DESCRIPTION (provided by applicant): Ion channels are instrumental in the generation of membrane potential, receptor potential, and action potential. They are the molecular building blocks for what is an essential characteristic of many cells in neuroscience: excitability. These proteins are implicated in the physiology and pathophysiology of all excitable tissues, underlie many disease processes including epilepsies and arrhythmias, and are major targets of essential drugs used in clinical medicine. Potassium channels are the phylogenetic founders of a large superfamily of structurally related ion channels that includes nucleotide gated channels, sodium channels, and calcium channels. Potassium channels are typically assembled from four identical subunits in a four-fold symmetrical fashion. This rather simple structural blueprint and the substantial practical advantage of only one subunit type have made potassium channels a much studied model system. This proposal explores two aspects of potassium channels: drug binding and voltage- dependence. In aim 1 we will determine the structural basis of the drug-channel interaction. In aim 2 we will attempt to describe the voltage-sensing domain of the channel in its native form. We will use a combination of cysteine mutagenesis, biochemistry, electrophysiology, site-directed spin labeling, and X-ray crystallography to study two prokaryotic potassium channels: KcsA and KvAP. The long-term goal of this proposal is to understand functional properties of ion channels at a structural level. PUBLIC HEALTH RELEVANCE: Ion channels are membrane proteins that allow ions to pass from one side of the cell membrane to the other. They are the molecular hardware that generates all electrical signals in the human body. These signals are used to coordinate the beating of the heart and underlie the complex function of the central and peripheral nervous system. When ion channels malfunction, serious maladies ensue, such as heart arrhythmias, epilepsy, and even death. Ion channels are also important drug targets. Drugs effecting ion channels are used every day in clinical medicine and are often implicated in serious drug side effects. Determining the precise structure and mechanism of action of these channels will allow for the development of safer and more effective drugs.

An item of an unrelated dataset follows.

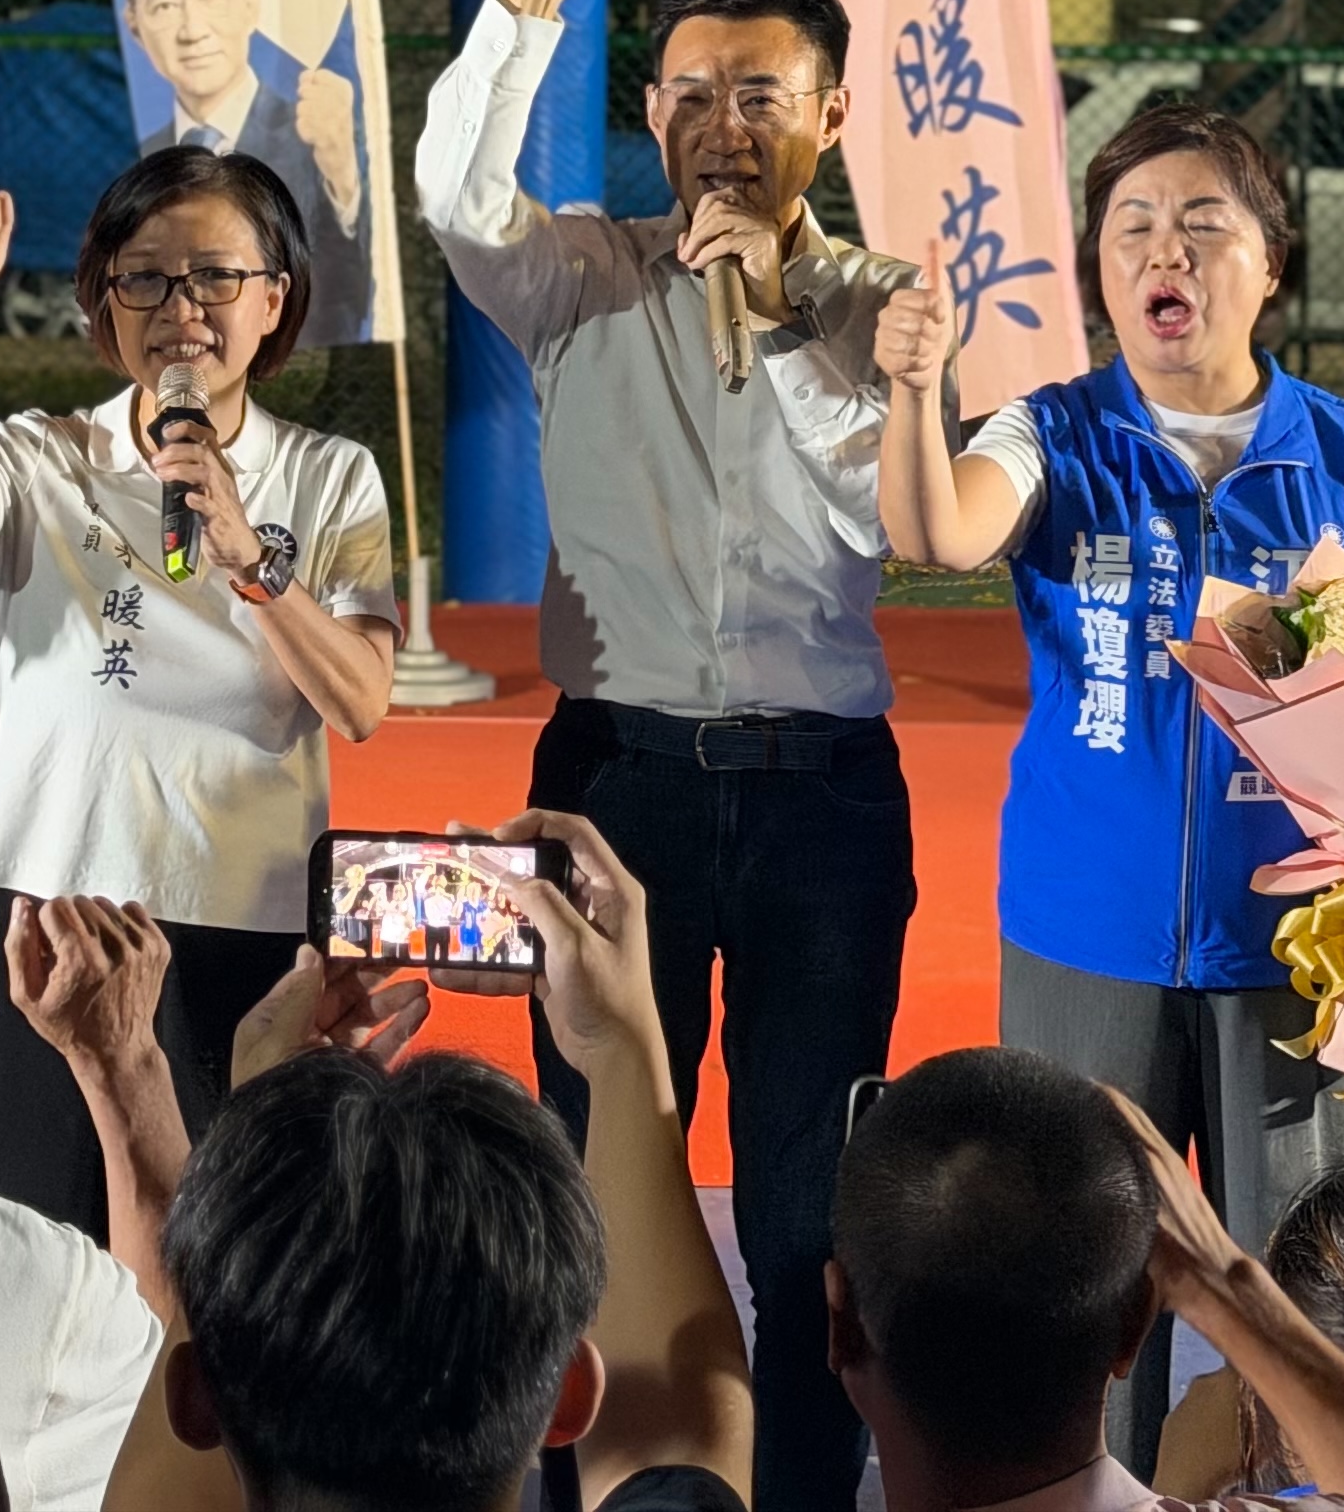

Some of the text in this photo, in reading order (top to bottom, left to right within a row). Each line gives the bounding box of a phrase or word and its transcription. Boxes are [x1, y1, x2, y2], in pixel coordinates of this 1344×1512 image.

[1070, 531, 1134, 754] 楊瓊瓔
[1144, 543, 1179, 681] 立法委員

描述（由申请人提供）：离子通道有助于膜电位、受体电位和动作电位的产生。它们是神经科学中许多细胞的基本特征：兴奋性的分子构建块。这些蛋白质与所有兴奋组织的生理学和病理生理学有关，是包括癫痫和心律失常在内的许多疾病过程的基础，并且是临床医学中使用的基本药物的主要靶标。钾通道是结构相关离子通道大家族的系统发育奠基者，其中包括核苷酸门控通道、钠通道和钙通道。钾通道通常由四个相同的亚基以四重对称的方式组装而成。这种相当简单的结构蓝图和仅一种亚基类型的巨大实际优势使钾通道成为备受研究的模型系统。该提案探讨了钾通道的两个方面：药物结合和电压依赖性。在目标 1 中，我们将确定药物通道相互作用的结构基础。在目标 2 中，我们将尝试以原始形式描述通道的电压感应域。我们将结合使用半胱氨酸诱变、生物化学、电生理学、定点自旋标记和 X 射线晶体学来研究两种原核钾通道：KcsA 和 KvAP。该提案的长期目标是在结构水平上了解离子通道的功能特性。 公共健康相关性：离子通道是膜蛋白，允许离子从细胞膜的一侧传递到另一侧。它们是产生人体内所有电信号的分子硬件。这些信号用于协调心脏的跳动，是中枢和周围神经系统复杂功能的基础。当离子通道出现故障时，就会出现严重的疾病，例如心律失常、癫痫，甚至死亡。离子通道也是重要的药物靶点。影响离子通道的药物每天都在临床医学中使用，并且常常涉及严重的药物副作用。确定这些通道的精确结构和作用机制将有助于开发更安全、更有效的药物。